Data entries
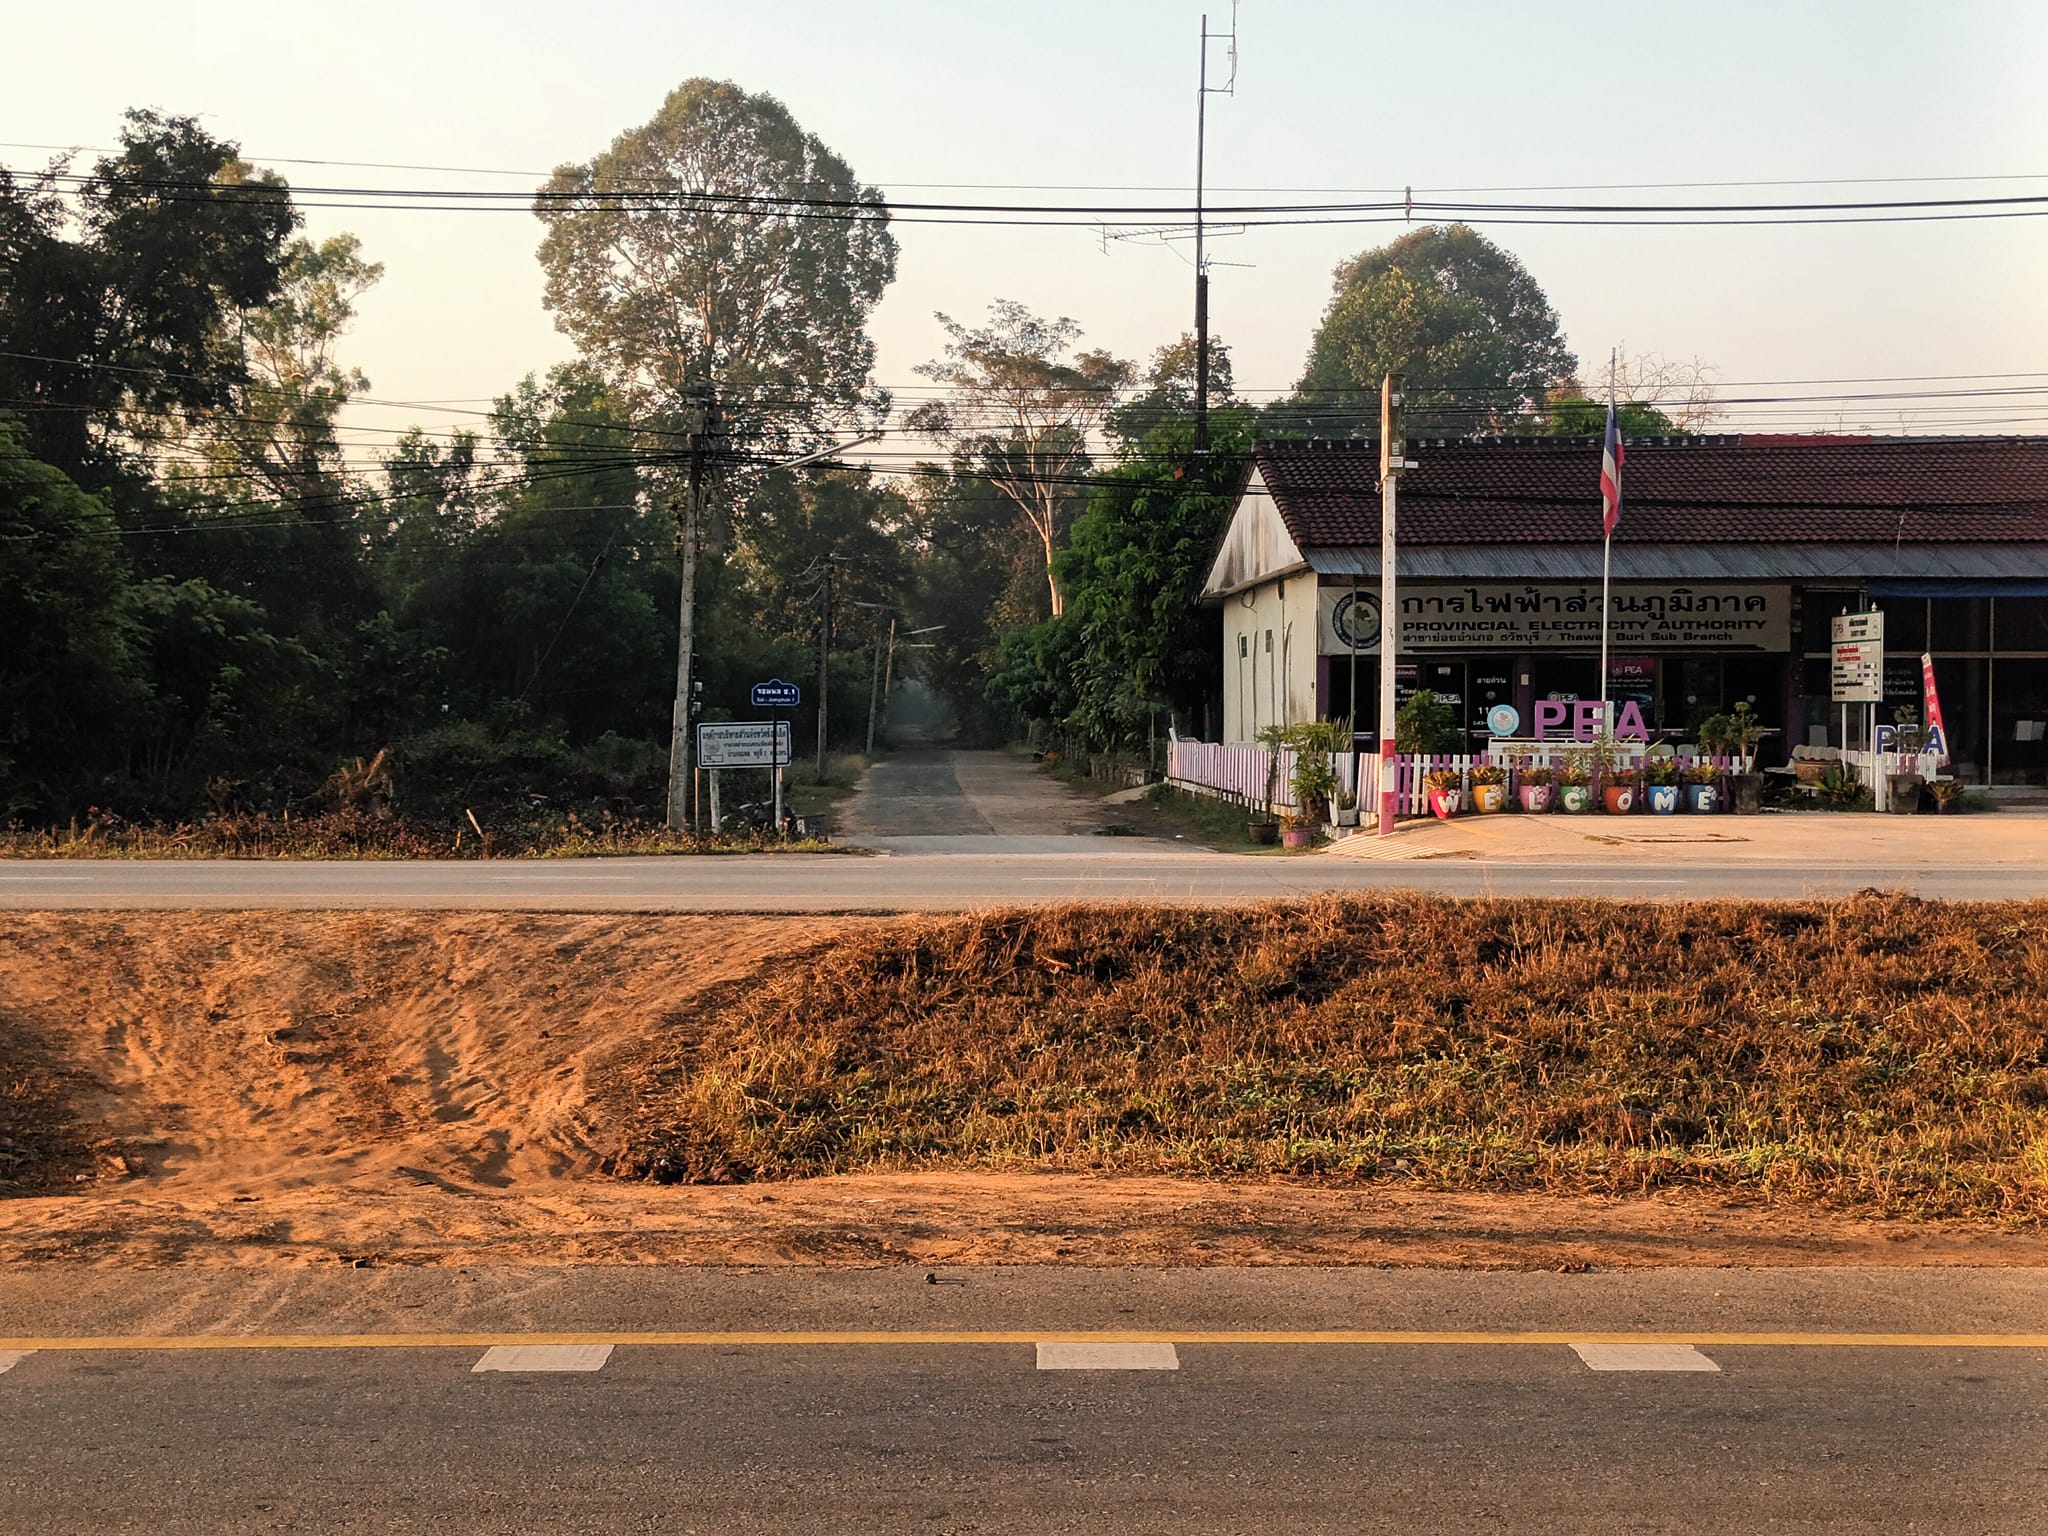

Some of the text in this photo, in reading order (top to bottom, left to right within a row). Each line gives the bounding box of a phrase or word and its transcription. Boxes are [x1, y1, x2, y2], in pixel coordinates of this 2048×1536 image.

[1402, 587, 1766, 620] การไฟฟ้าส่วนภูมิภาค
[1403, 621, 1519, 631] PROVINCIAL
[1658, 620, 1766, 630] AUTHORITY
[1616, 632, 1644, 641] Buri
[1651, 632, 1677, 641] Sub
[1683, 632, 1733, 641] Branch
[1440, 693, 1461, 703] PEA
[1534, 700, 1650, 742] PEA

EXERCISE GOAL —
Exactly as given, transcribe every line of the data, but not its images.

RESULT OF THE TASK —
Some of the text in this photo, in reading order (top to bottom, left to right within a row). Each line gives the bounding box of a phrase or word and its transcription. Boxes are [x1, y1, x2, y2], in pixel coordinates of this 2048×1536 image.

[1402, 587, 1766, 620] การไฟฟ้าส่วนภูมิภาค
[1403, 621, 1519, 631] PROVINCIAL
[1658, 620, 1766, 630] AUTHORITY
[1616, 632, 1644, 641] Buri
[1651, 632, 1677, 641] Sub
[1683, 632, 1733, 641] Branch
[1440, 693, 1461, 703] PEA
[1534, 700, 1650, 742] PEA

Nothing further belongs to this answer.